This topic describes how to use a Security Token Service (STS) token of a Resource Access Management (RAM) role to authorize applications to access Alibaba Cloud resources.

Background information

An enterprise has purchased Elastic Compute Service (ECS) instances and wants to deploy applications on these ECS instances. The applications need to use AccessKey pairs to call the operations of other Alibaba Cloud services.

In this case, the enterprise can use one of the following methods:

  • Includes the AccessKey pairs in application code.
  • Saves the AccessKey pairs in the configuration files of the applications.
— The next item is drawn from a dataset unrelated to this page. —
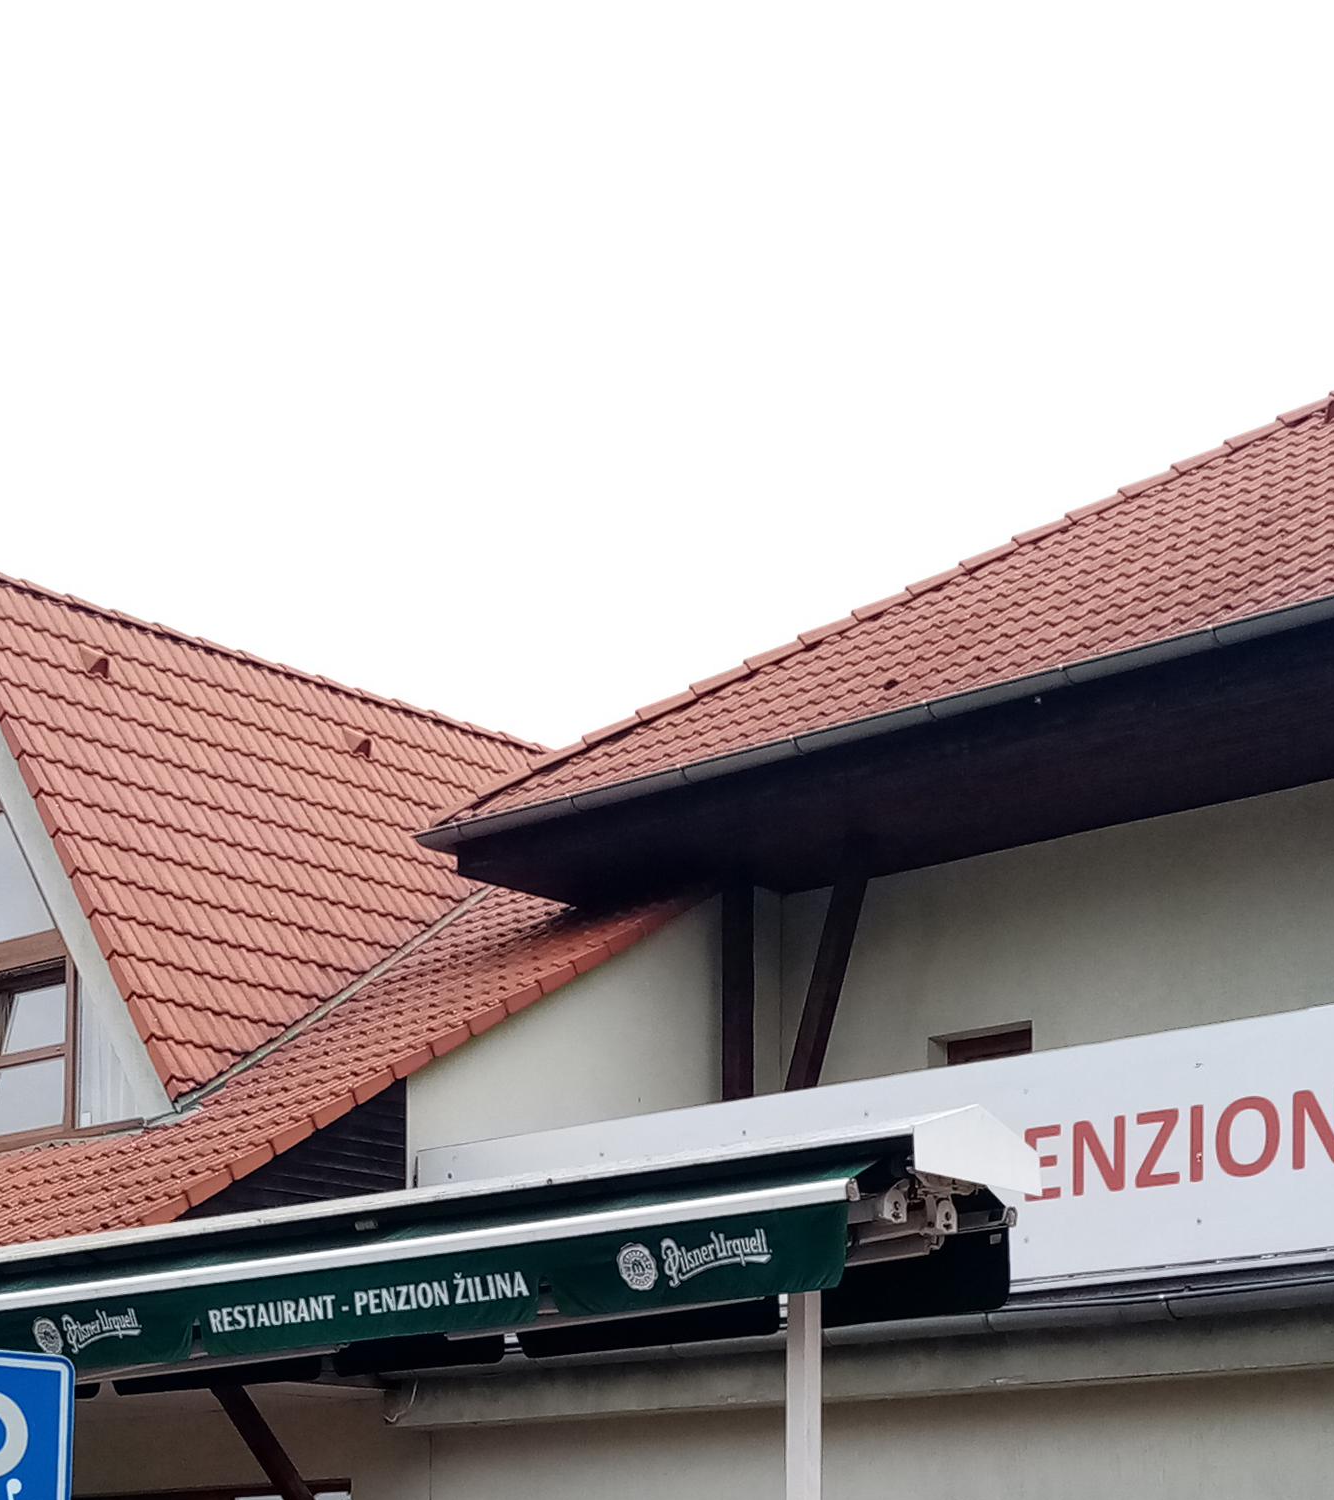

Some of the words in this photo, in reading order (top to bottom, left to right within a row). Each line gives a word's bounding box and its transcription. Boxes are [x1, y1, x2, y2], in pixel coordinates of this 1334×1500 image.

However, if the preceding methods are used, the following issues may occur:

  • AccessKey pair disclosure: If AccessKey pairs are stored in the ECS instances in plaintext, the AccessKey pairs may be disclosed after snapshots and images are shared or ECS instances are created from images.
  • Complex O&M: The AccessKey pairs are stored in the ECS instances. If the AccessKey pairs are changed due to AccessKey pair rotations or user identity changes, all ECS instances and images must be updated and redeployed. This increases the difficulties in managing the ECS instances and images.

Solution

To resolve the preceding issues, the enterprise can use RAM to manage the permissions of ECS instances. RAM is a resource access control service that allows the enterprise to assign a RAM role that is attached with specific policies to each ECS instance. The applications can use an STS token of the specific RAM role to call Alibaba Cloud operations.

Process

  1. The enterprise creates a RAM role named MyApplicationRole.
    Note Alibaba Cloud Service is selected as the trusted entity, and Elastic Compute Service is selected as the trusted service. This allows ECS to assume the RAM role and access Alibaba Cloud resources.

    For more information, see Create a RAM role for a trusted Alibaba Cloud service.

  2. The enterprise attaches the required policies to the RAM role.

    For more information, see Grant permissions to a RAM role.

    Note If the STS token cannot grant the required permissions, the enterprise can attach policies to the RAM role based on business requirements. After the policies are attached, the permissions that are attached to the STS token immediately take effect without requiring you to restart the specific ECS instance.
  3. The enterprise uses its Alibaba Cloud account to create a RAM user.

    For more information, see Create a RAM user.

  4. The enterprise attaches the required policies to the RAM user.
    • If the RAM user has the same responsibilities as an administrator, the AdministratorAccess policy must be attached to the RAM user.
    • If the RAM user has different responsibilities from those of an administrator, the enterprise must create the following custom policy in the RAM console and attach the policy to the RAM user:
      {
         "Statement": [
          {
            "Effect": "Allow",
            "Action": "ram:PassRole",
            "Resource": "acs:ram:*:*:role/MyApplicationRole" //Replace MyApplicationRole with the name of the RAM role.
          }
        ],
        "Version": "1"
      }                
      Note
      • Only authorized RAM users can configure RAM roles for ECS instances. This prevents the abuse of RAM roles.
      • When a RAM user that can only manage ECS instances attempts to create an ECS instance and configure a RAM role, ECS checks whether the RAM user is allowed to perform the ram:PassRole action on the RAM role. If the RAM user is not allowed, the ECS instance fails to be created.

    For more information, see Grant permissions to a RAM user.

  5. The RAM user that is created in Step 3 assigns the RAM role that is created in Step 1 to a specific ECS instance.
    For more information, see Step 3: Bind the instance RAM role.
  6. ECS includes the STS token in the metadata of the ECS instance and sends the metadata to the application that is deployed on the ECS instance.
    • In a Linux system, applications can query the instance metadata to obtain an STS token and its validity period. For more information, see Use RAM roles to access other Alibaba Cloud services.

      Sample request

      curl http://100.100.100.200/latest/meta-data/ram/security-credentials/MyApplicationRole

      Sample response

      {
          "AccessKeyId": "STS.J8XXXXXXXXXX4",
          "AccessKeySecret": "9PjfXXXXXXXXXBf2XAW",
          "Expiration": "2017-06-09T09:17:19Z",
          "SecurityToken": "CAIXXXXXXXXXXXwmBkleCTkyI+",
          "LastUpdated": "2017-06-09T03:17:18Z",
          "Code": "Success"
      }
    • If the applications use an Alibaba Cloud SDK, the SDK can automatically obtain the STS token of the RAM role from the ECS instance metadata. No AccessKey pair-related configurations are required in the SDK. For more information, see Configure RamRole to achieve non-AK access to ECS instances.
      Note In most cases, an STS token is valid for one hour. The applications can call Alibaba Cloud operations when the STS token is valid. Before the STS token expires, the token is updated by ECS.
  7. The applications use the STS token to call Alibaba Cloud operations.
Note Applications deployed on other Alibaba Cloud services such as Function Compute and MaxCompute can also use STS tokens of RAM roles to call Alibaba Cloud operations.